US Republicans nominate Donald Trump for president
CLEVELAND - Agence France-Presse
Republican presidential nominee Donald Trump addresses the Republican National Convention by video on its second day in Cleveland, Tuesday, July 19, 2016. AP photo
Republicans formally chose Donald Trump as the party's presidential nominee on July 19, a landmark moment in American politics and a stunning victory for a man whose White House ambitions were once openly mocked.After a roller-coaster campaign that saw Trump defeat 16 rivals and steamroller stubborn party opposition, the tycoon said it was time to "go all the way" and beat Democrat Hillary Clinton in November.
"This is a movement," he told the delegates via video link.
On the convention floor, states from Alabama to West Virginia took it in turns to pledge their delegates.
It fell to Trump's home state of New York, represented by a coterie of the candidate's adult children, to hand him the majority-plus-one needed to clinch the nomination.
"It's my honor to be able to throw Donald Trump over the top in the delegation count tonight," Donald Trump Jr said to cheers and applause.
When the bombastic mogul came down the escalators of Trump Towers in New York 13 months ago to announce his candidacy, few experts gave him even the faintest chance.
His campaign has defied political norms -- embracing racially inflammatory policies, offending key voting blocks, eschewing big-spending advertising campaigns and relying on saturated media coverage above campaign structure.
"It's unbelievable. It's surreal. I'm so proud of my father," said Trump's eldest daughter and businesswoman Ivanka Trump, often described as his secret weapon.
"He's the ultimate outsider and he did it. We are so proud of him."
Trump became the presumptive nominee nearly two months ago. But relentless controversy over his campaign rhetoric and a simmering movement by anti-Trump delegates to deny him the nomination made it less than a foregone conclusion.
Around the convention floor, Trump's victory was far from universally welcomed.
Many delegates clapped politely after his victory, a few angrily walked out or voiced their unease. Several states refused to honor party convention and pledge their delegates to a frontrunner who was by then unopposed.
"I'm disappointed' said Utah Senator Mike Lee. "But it is what it is."
Washington delegate Teri Galvez said baldly: "We do not support Donald Trump."
But as the last vestiges of Republican resistance were quashed, there fresh signs that the party establishment had thrown its lot in with Trump in a bid to beat Clinton.
New Jersey governor Chris Christie led delegates in declaring Clinton "guilty" and encouraged visceral chants of "lock her up."
The Speaker of the House of Representatives Paul Ryan declared "the Obama years are almost over.
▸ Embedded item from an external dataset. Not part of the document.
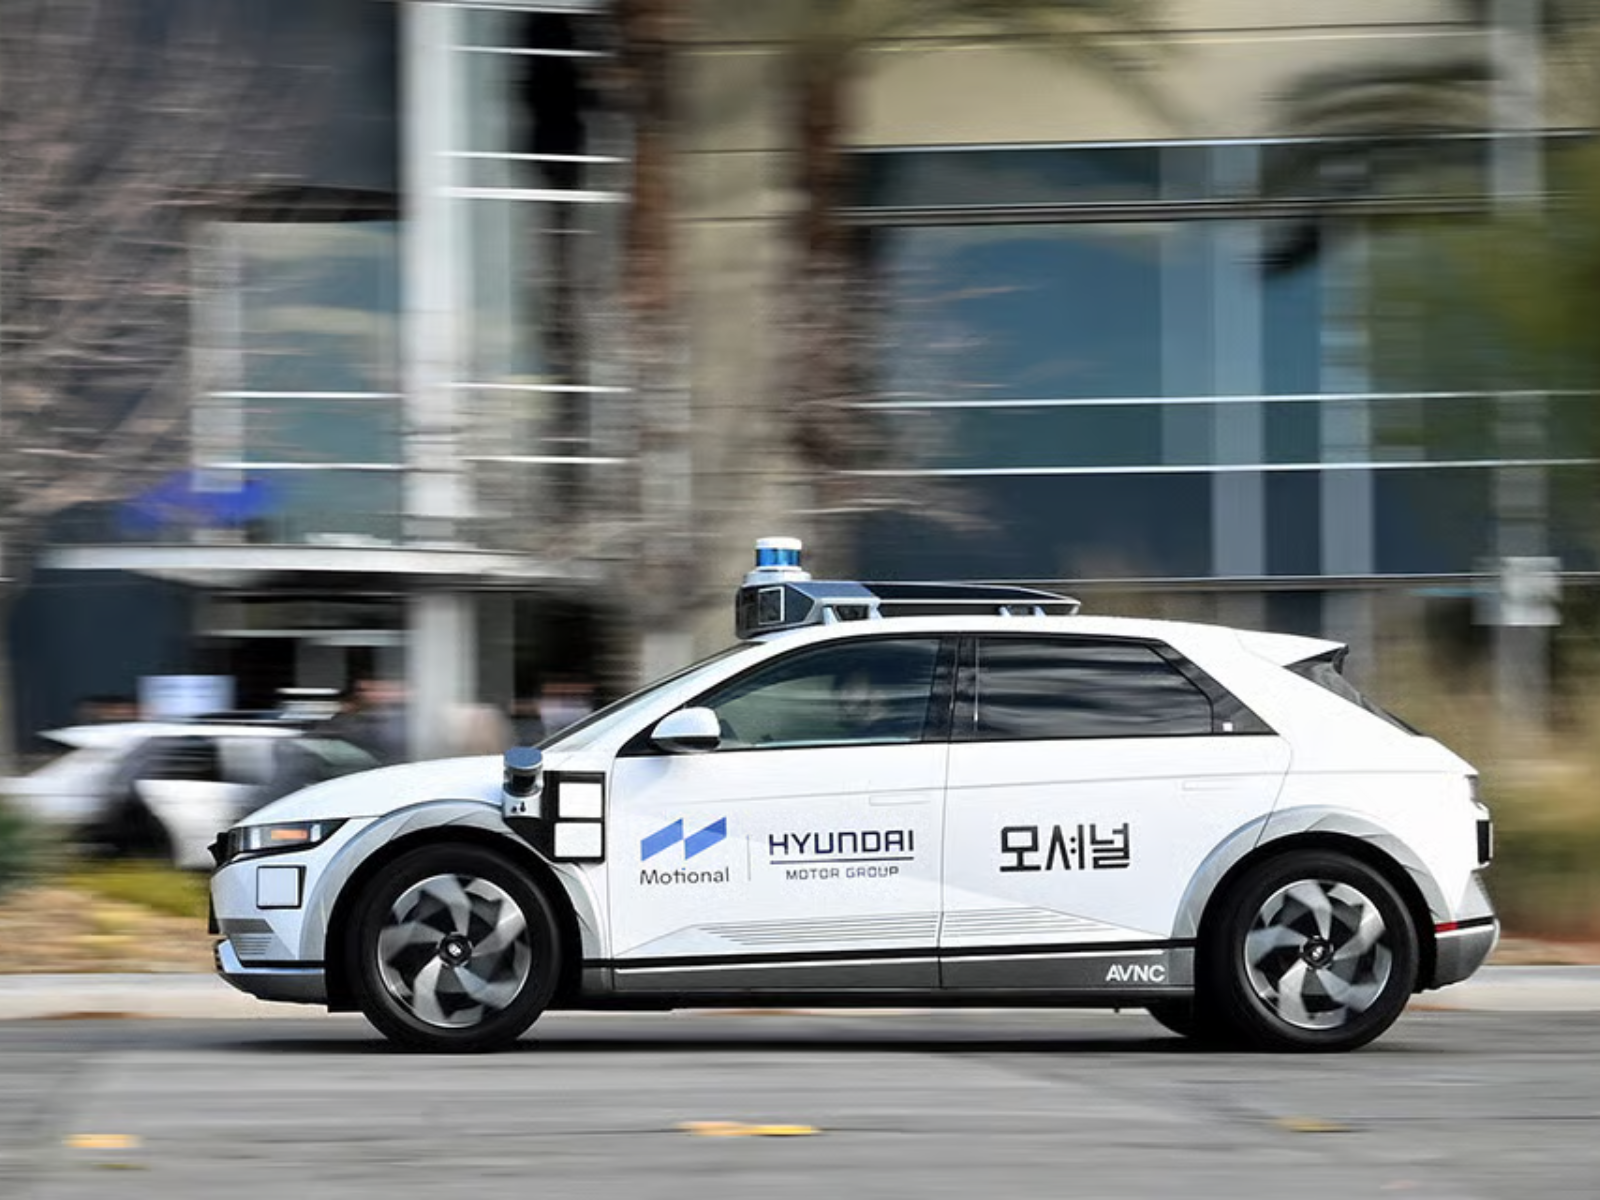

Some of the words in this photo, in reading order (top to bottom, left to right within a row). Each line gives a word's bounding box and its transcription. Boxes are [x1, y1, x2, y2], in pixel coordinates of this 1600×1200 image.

The Clinton years are way over. Two-thousand sixteen is the year America moves on."
The Trump campaign will hope that disdain for Clinton will unite the party and make a series of missteps irrelevant.
"The party is unified, we're all here, I will bet you, if you polled this place, there is not one vote for Hillary Clinton in this building," key Trump lieutenant Corey Lewandowski told AFP.
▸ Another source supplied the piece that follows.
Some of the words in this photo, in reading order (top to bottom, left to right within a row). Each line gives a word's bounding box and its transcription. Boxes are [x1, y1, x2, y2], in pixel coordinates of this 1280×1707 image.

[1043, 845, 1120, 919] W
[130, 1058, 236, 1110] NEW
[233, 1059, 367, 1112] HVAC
"People are ready for a fundamental and unequivocal change in Washington and the person who is going to bring that is Donald Trump."
Before Trump emerged victorious, it had been a brutal week for the candidate.
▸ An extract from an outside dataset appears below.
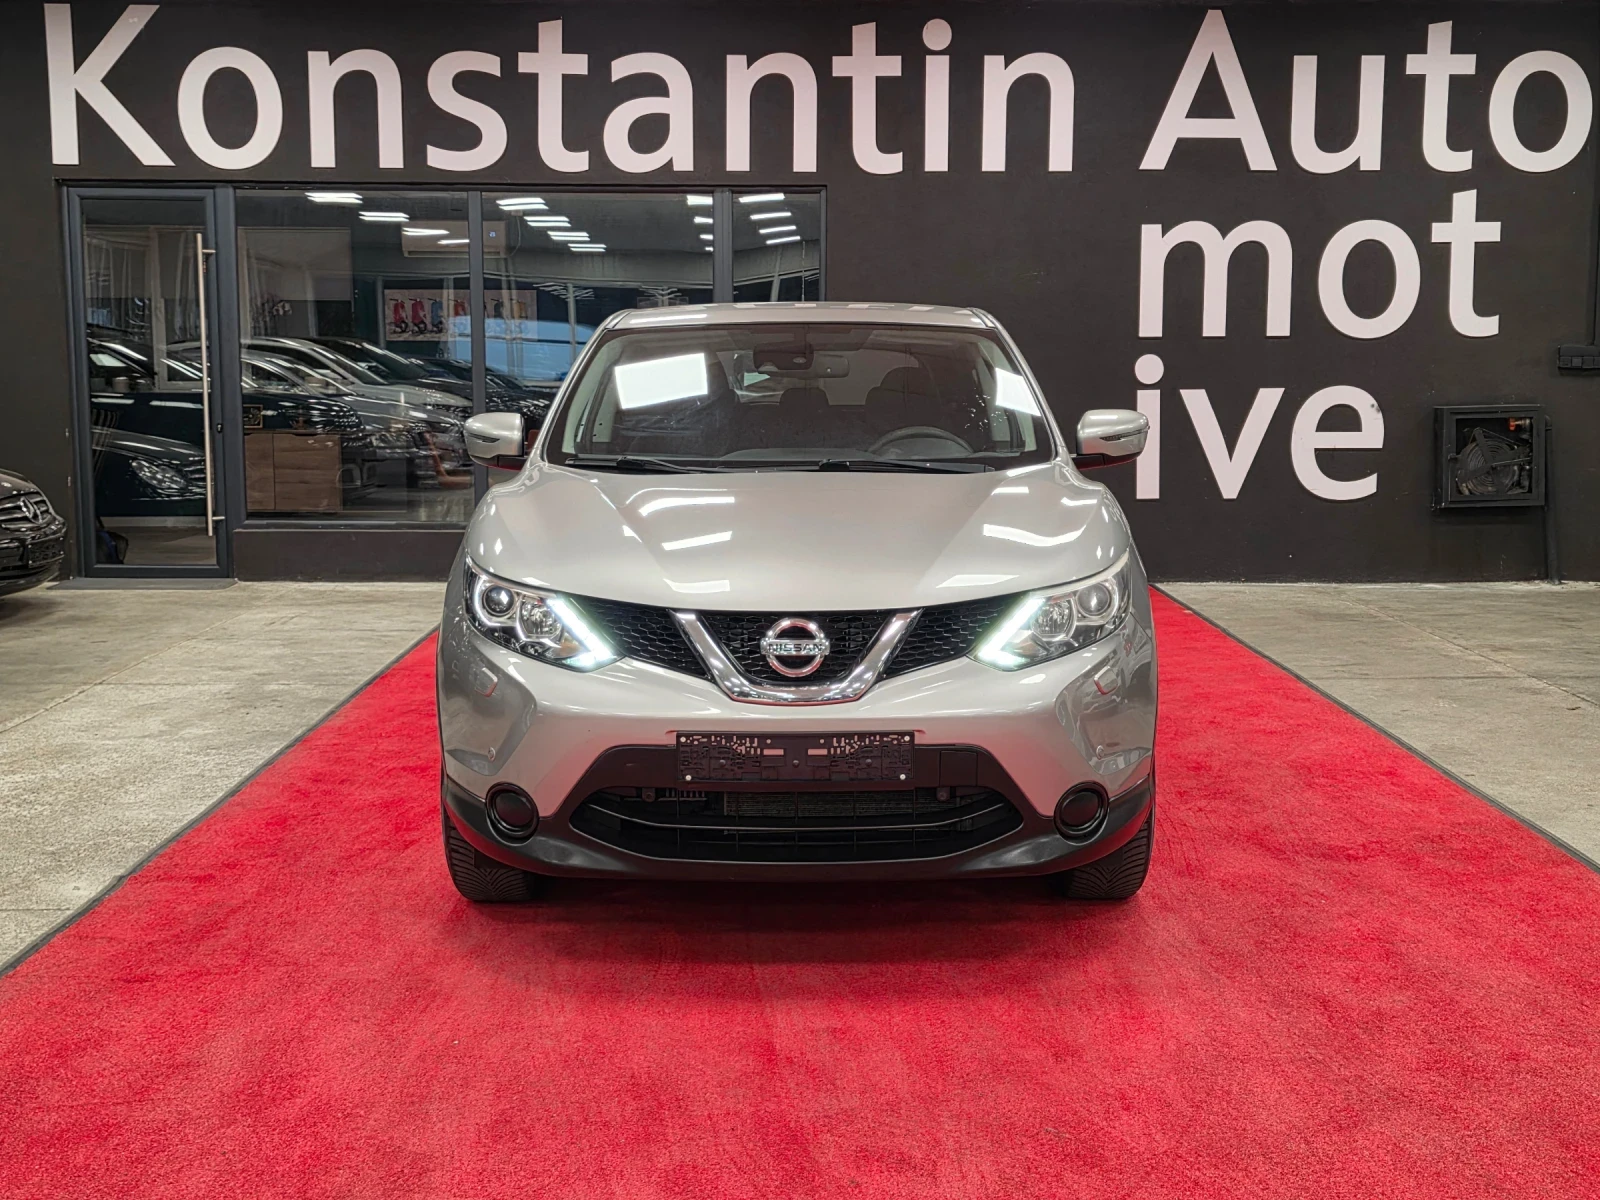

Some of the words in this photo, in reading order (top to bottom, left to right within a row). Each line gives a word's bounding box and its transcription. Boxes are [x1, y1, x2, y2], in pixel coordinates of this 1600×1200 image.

His glamorous wife Melania Trump brought some pizzazz to the proceedings on the opening night.
But an embarrassing plagiarism scandal tarnished her prime-time speech -- and brought her husband's presidential campaign under withering scrutiny.
Earlier delegates exchanged jeers and heckles as anti-Trump forces tried in vain to thwart his nomination.
Again on Tuesday it fell to Trump's kin to reshape his public image.
Donald Trump Jr made a sweeping speech peppered with personal anecdotes that humanized his father.
The married father of five touched on themes of economic inequality, job creation, promised healthcare for "our most vulnerable citizens" and to improve public education.
Clinton wasted no time seeking to capitalize on Trump's party victory.
"Donald Trump just became the Republican nominee.
Chip in now to make sure he never steps foot in the Oval Office," she said in a fundraising tweet.